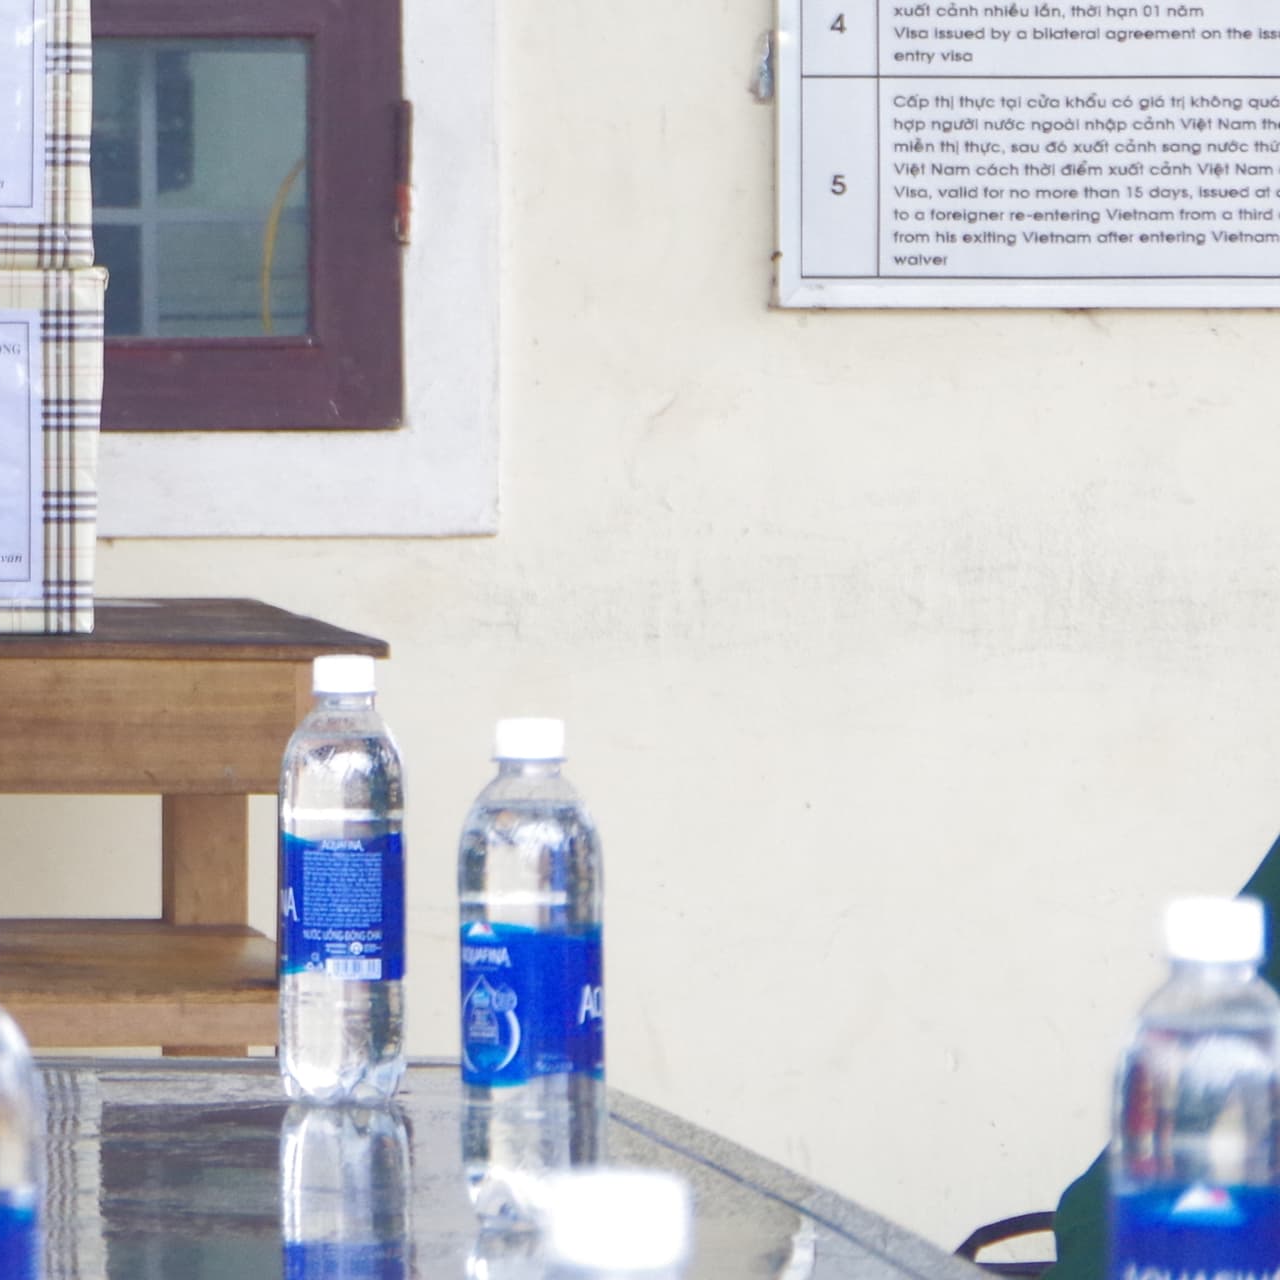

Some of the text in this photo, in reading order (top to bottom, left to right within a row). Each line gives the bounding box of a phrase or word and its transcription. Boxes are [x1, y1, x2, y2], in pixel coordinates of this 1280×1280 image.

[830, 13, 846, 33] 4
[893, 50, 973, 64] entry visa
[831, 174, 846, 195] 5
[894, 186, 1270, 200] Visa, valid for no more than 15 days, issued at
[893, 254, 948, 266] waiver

◆ ◆ ◆ ◆ ◆ ◆ ◆

▸ **Work request**
An exact copy of the records is required. Pictures do not belong in it.

▸ **Result below**
Some of the text in this photo, in reading order (top to bottom, left to right within a row). Each line gives the bounding box of a phrase or word and its transcription. Boxes are [x1, y1, x2, y2], in pixel coordinates of this 1280×1280 image.

[830, 13, 846, 33] 4
[893, 50, 973, 64] entry visa
[831, 174, 846, 195] 5
[894, 186, 1270, 200] Visa, valid for no more than 15 days, issued at
[893, 254, 948, 266] waiver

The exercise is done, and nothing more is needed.